THE LIST OF PERSONS THAT ARE NOT PERMITTED TRANSFEREES MAY BE OBTAINED BY CONTACTING CHIEF LEGAL COUNSEL, NEIMAN MARCUS GROUP, INC., ONE MARCUS SQUARE, 1618 MAIN STREET, DALLAS, TEXAS, 75201.

 

THE SECURITIES REPRESENTED BY THIS CERTIFICATE ARE ALSO SUBJECT TO CERTAIN RESTRICTIONS ON TRANSFERS SET FORTH IN ARTICLE V OF THE CERTIFICATE OF DESIGNATION FILED WITH THE SECRETARY OF STATE FOR THE STATE OF DELAWARE PURSUANT TO SECTION 202 OF THE DELAWARE GENERAL CORPORATION LAW (THE “CERTIFICATE OF DESIGNATION”).

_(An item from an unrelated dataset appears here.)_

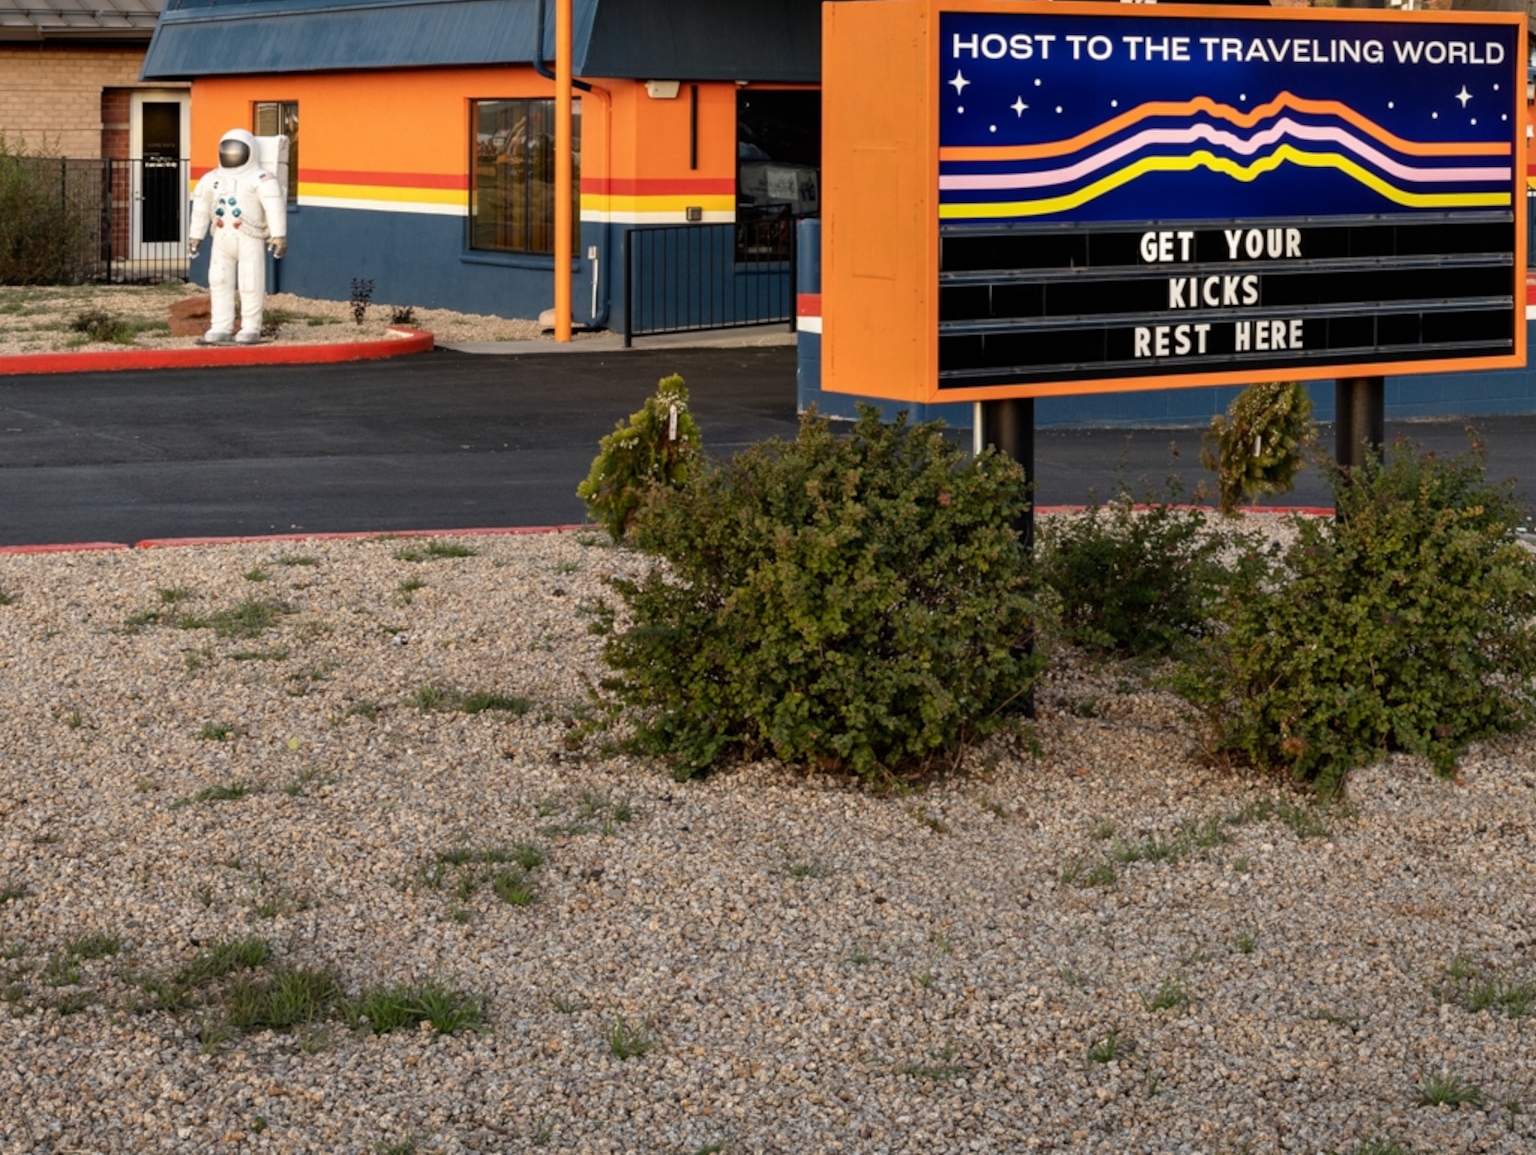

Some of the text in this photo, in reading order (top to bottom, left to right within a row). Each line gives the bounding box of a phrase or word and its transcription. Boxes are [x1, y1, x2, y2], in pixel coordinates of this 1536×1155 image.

NO TRANSFER, SALE, ASSIGNMENT, PLEDGE, HYPOTHECATION OR OTHER DISPOSITION OF THE SECURITIES REPRESENTED BY THIS CERTIFICATE MAY BE MADE EXCEPT IN ACCORDANCE WITH THE PROVISIONS OF THE CERTIFICATE OF DESIGNATION. A COPY OF THE CERTIFICATE OF DESIGNATION WILL BE FURNISHED WITHOUT CHARGE BY THE COMPANY TO THE HOLDER UPON REQUEST.

 

In the case of the Securities sold pursuant to Regulation S, the shares of Series B Preferred Stock will bear an additional legend substantially to the following effect:

 


 

“BY ITS ACQUISITION HEREOF, THE HOLDER HEREOF REPRESENTS THAT IT IS NOT A U.S. PERSON, NOR IS IT PURCHASING FOR THE ACCOUNT OF A U.S. PERSON, AND IS ACQUIRING THIS SECURITY IN AN OFFSHORE TRANSACTION IN ACCORDANCE WITH REGULATION S UNDER THE SECURITIES ACT OF 1933, AS AMENDED.”